◆ **Activity**
Print the full set of records below, character for character and picture-free.

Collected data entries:
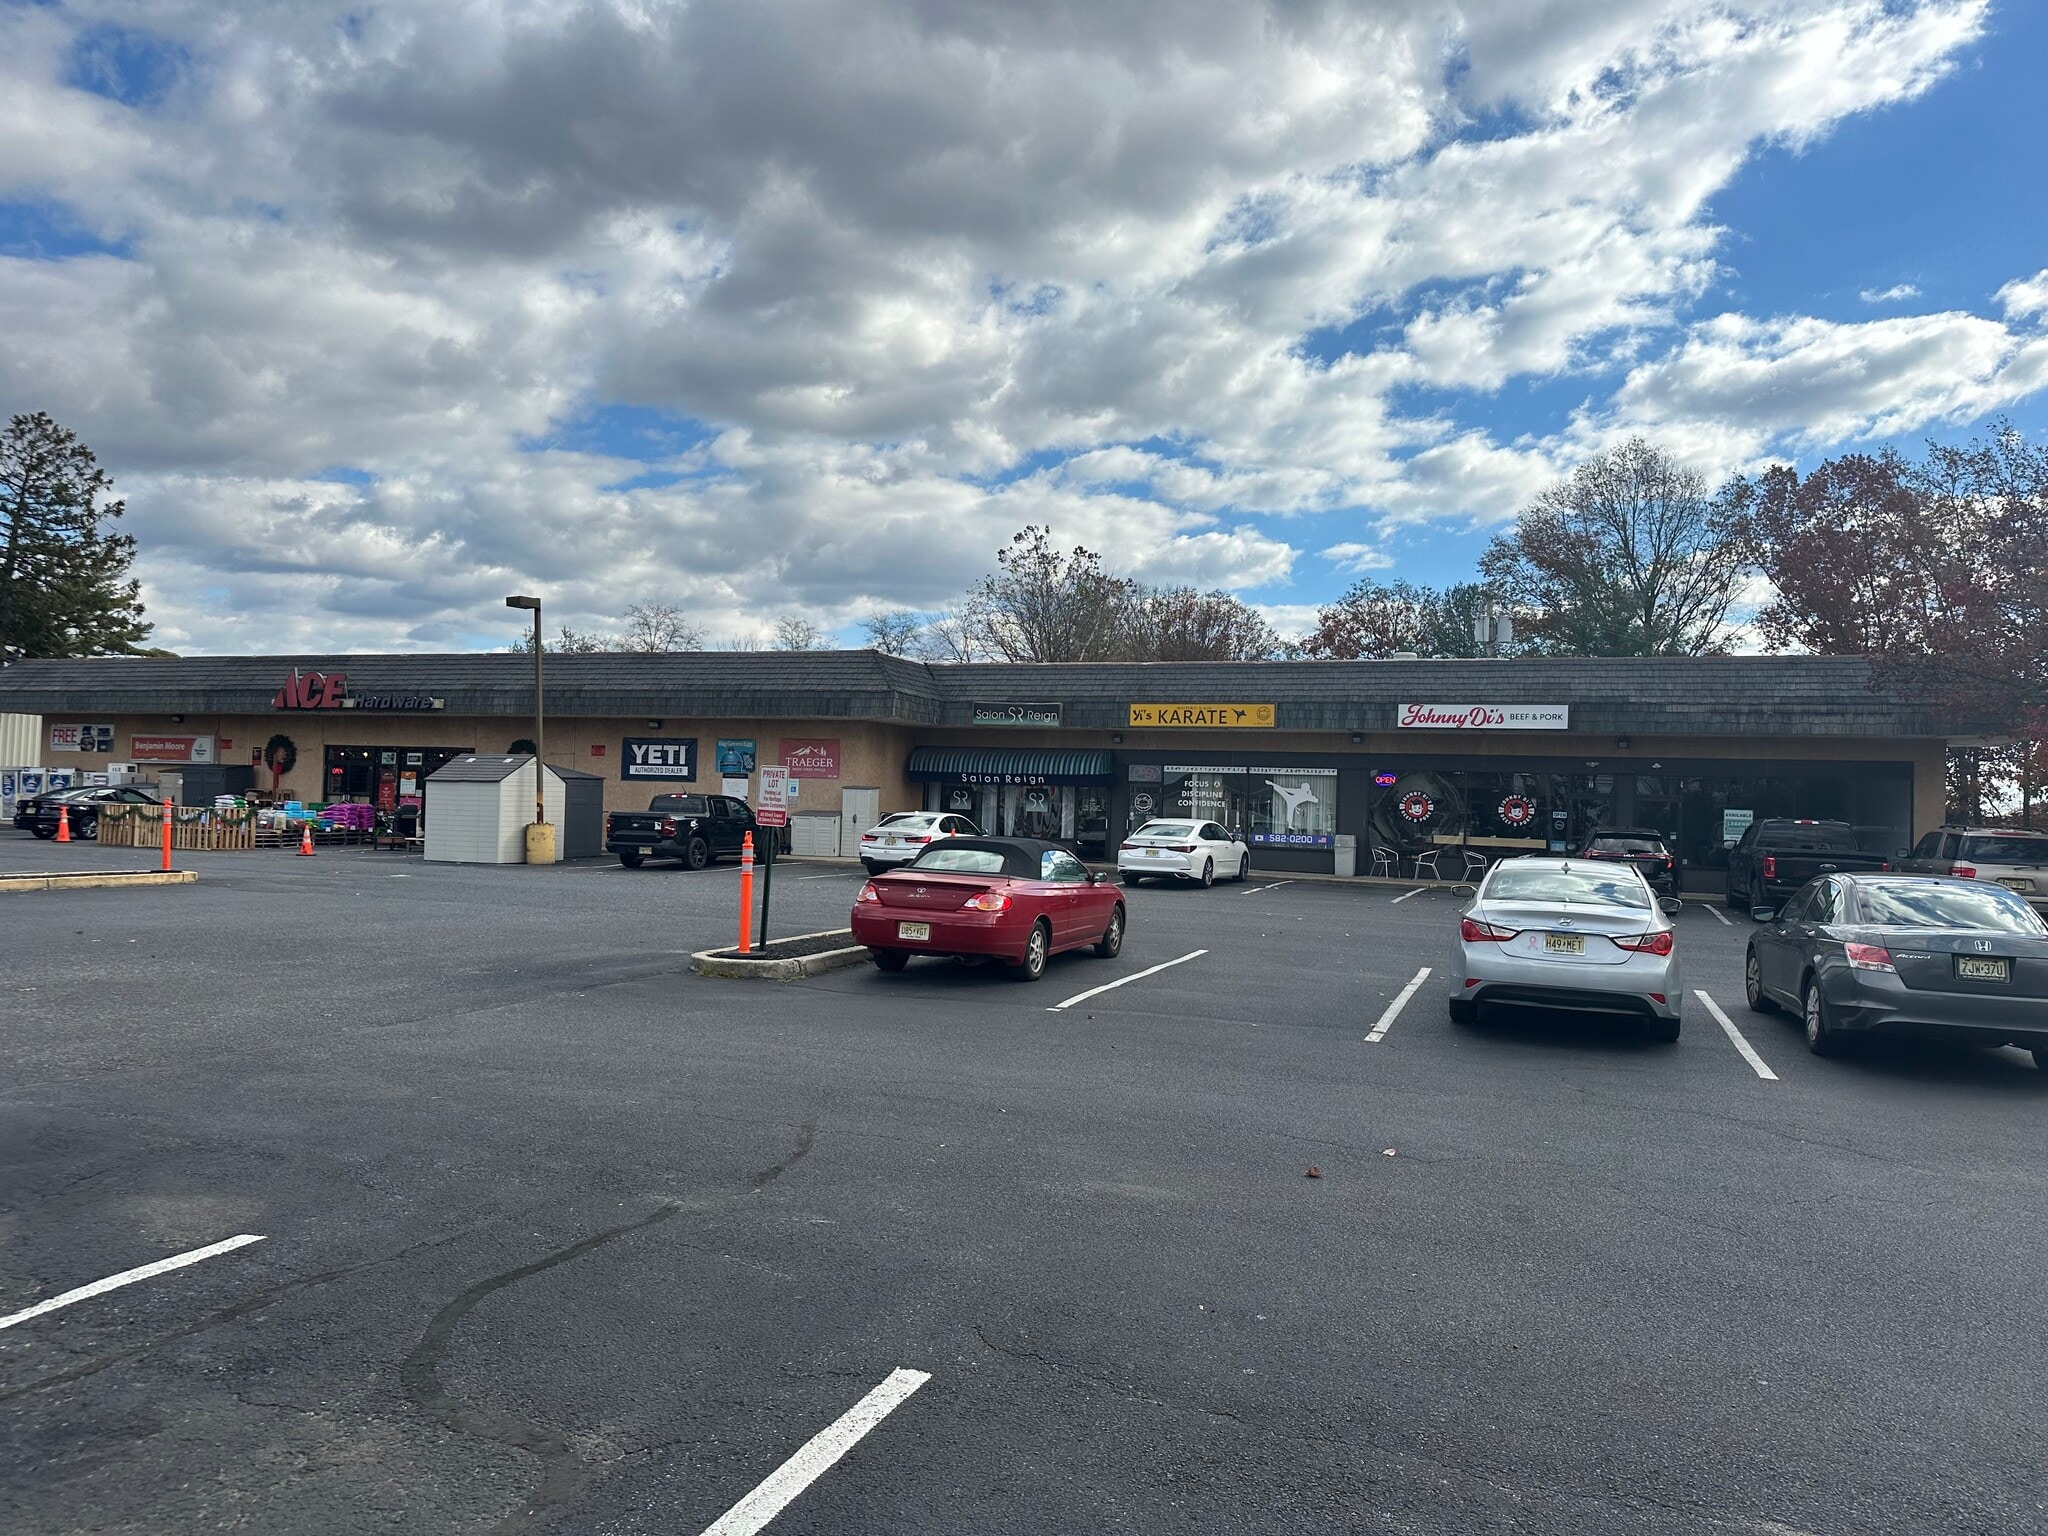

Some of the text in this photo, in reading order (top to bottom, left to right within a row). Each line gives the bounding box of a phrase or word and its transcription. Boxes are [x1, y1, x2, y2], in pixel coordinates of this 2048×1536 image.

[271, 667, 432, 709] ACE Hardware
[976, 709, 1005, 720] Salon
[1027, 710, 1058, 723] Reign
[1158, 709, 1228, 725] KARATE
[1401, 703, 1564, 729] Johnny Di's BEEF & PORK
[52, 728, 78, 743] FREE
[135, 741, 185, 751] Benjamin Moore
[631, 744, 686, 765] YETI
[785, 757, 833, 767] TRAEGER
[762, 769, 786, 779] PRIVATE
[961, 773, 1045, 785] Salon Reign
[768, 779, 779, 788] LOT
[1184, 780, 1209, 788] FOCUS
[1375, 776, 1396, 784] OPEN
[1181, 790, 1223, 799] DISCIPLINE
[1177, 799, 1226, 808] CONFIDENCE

◆ **Completed exercise**
Some of the text in this photo, in reading order (top to bottom, left to right within a row). Each line gives the bounding box of a phrase or word and its transcription. Boxes are [x1, y1, x2, y2], in pixel coordinates of this 2048×1536 image.

[271, 667, 432, 709] ACE Hardware
[976, 709, 1005, 720] Salon
[1027, 710, 1058, 723] Reign
[1158, 709, 1228, 725] KARATE
[1401, 703, 1564, 729] Johnny Di's BEEF & PORK
[52, 728, 78, 743] FREE
[135, 741, 185, 751] Benjamin Moore
[631, 744, 686, 765] YETI
[785, 757, 833, 767] TRAEGER
[762, 769, 786, 779] PRIVATE
[961, 773, 1045, 785] Salon Reign
[768, 779, 779, 788] LOT
[1184, 780, 1209, 788] FOCUS
[1375, 776, 1396, 784] OPEN
[1181, 790, 1223, 799] DISCIPLINE
[1177, 799, 1226, 808] CONFIDENCE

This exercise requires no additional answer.